With increasing acene size, the computational time for the ML model training/predictions becomes negligibly small while the computational cost for the SCI calculations grows especially when using KRC or XGBoost (detailed timing data for arbitrary selected ALCI calculations are reported the SI, Section S6.7). For example, the relative computational costs for the ML model training/predictions and SCI calculations for hexacene are 3.2 and 96.6%, respectively, when using KRC, and 0.8 and 99.0%, respectively, when using XGBoost. In the case of ANN, although the time of the SCI calculations increases with the acene size, for hexacene, about half of the time is spent in the ANN model training (i.e., 48.7%).
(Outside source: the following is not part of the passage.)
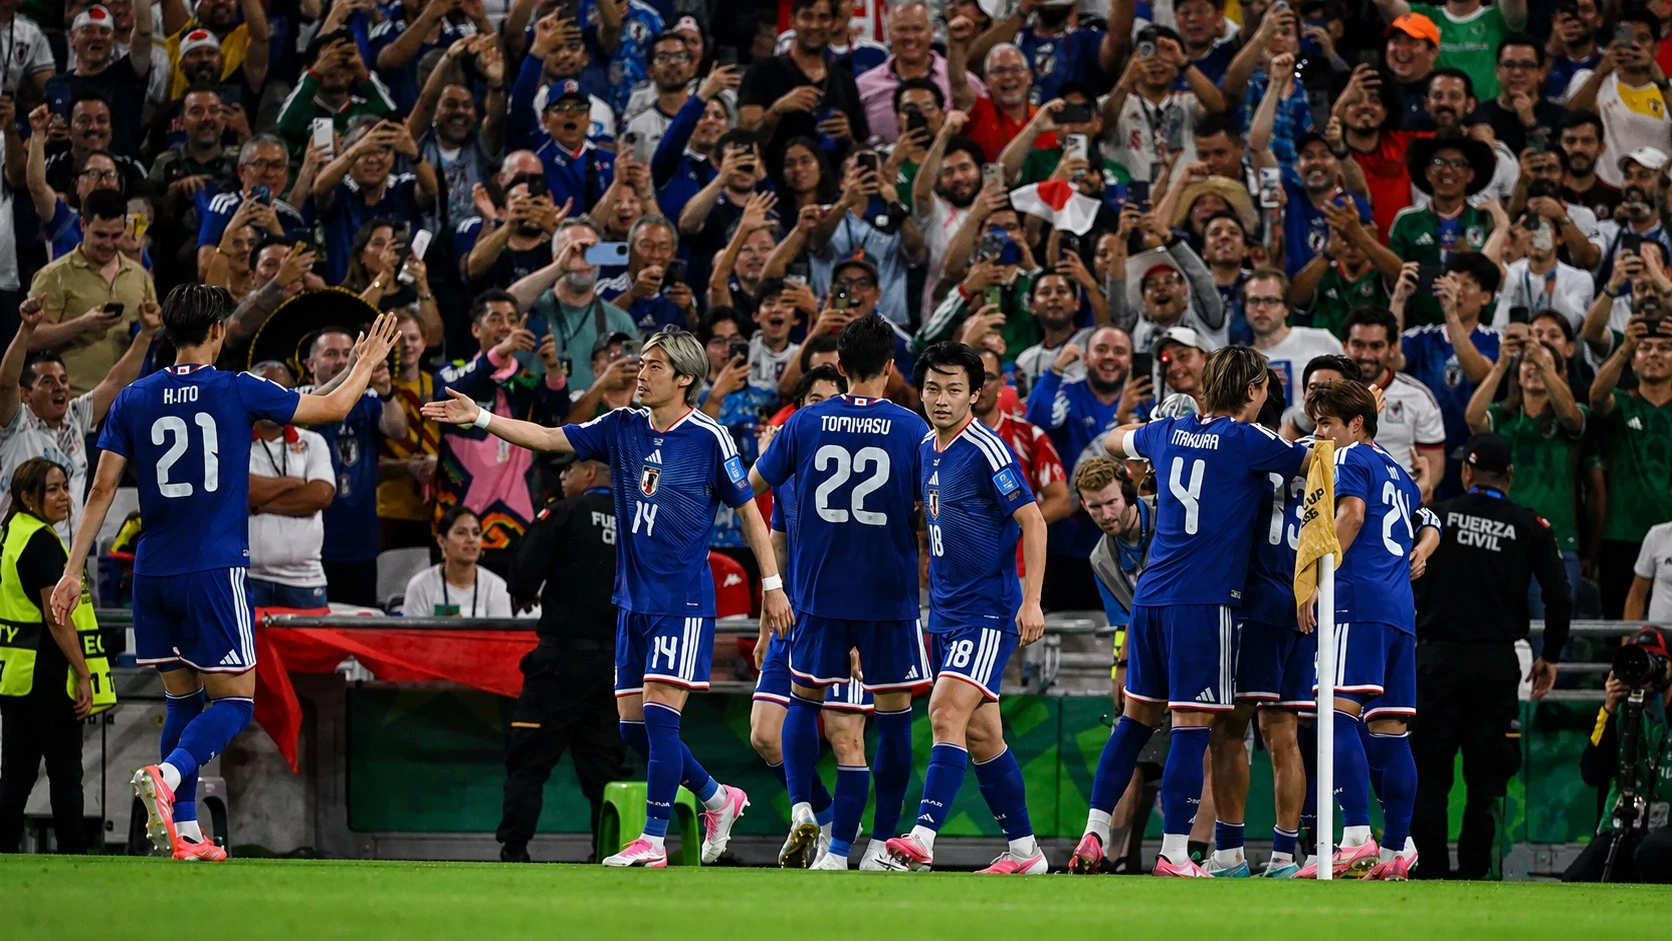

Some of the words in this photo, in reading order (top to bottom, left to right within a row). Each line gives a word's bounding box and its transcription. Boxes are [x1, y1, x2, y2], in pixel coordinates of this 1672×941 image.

Regarding the overall computational cost for the ALCI protocol, XGBoost, which is the fastest algorithm for tetracene, becomes the slowest one among the three ML algorithms tested for pentacene and hexacene (about 11 and 50 h for pentacene and hexacene, respectively, on average using five Intel i9-10980XE @3.00 GHz. See the SI, S6.5 and S6.6). The slow convergence of the ALCI calculations based on XGBoost for the large systems (i.e., pentacene and hexacene) results from the fact that, as shown in Figure S11, XGBoost cannot identify important configurations effectively as the iterations proceed compared to the KRC and ANN algorithms, resulting in larger (average) numbers of important configurations (i.e., in the case of hexacene, 2670 for XGBoost vs ca. 2400 for KRC and ANN) and iterations (about 24, 17, and 12 iterations for XGBoost, KRC, and ANN, respectively) than other ML algorithms. On the other hand, ANN performs better as the acene size increases, leading to a similar computational cost of about 19 h compared to the fastest ML algorithm, KRC (see the Supporting Information, Table S14). This trend indicates that ANN would be the best-performing ML algorithm in the ALCI method for systems with active spaces larger than (26e, 26o).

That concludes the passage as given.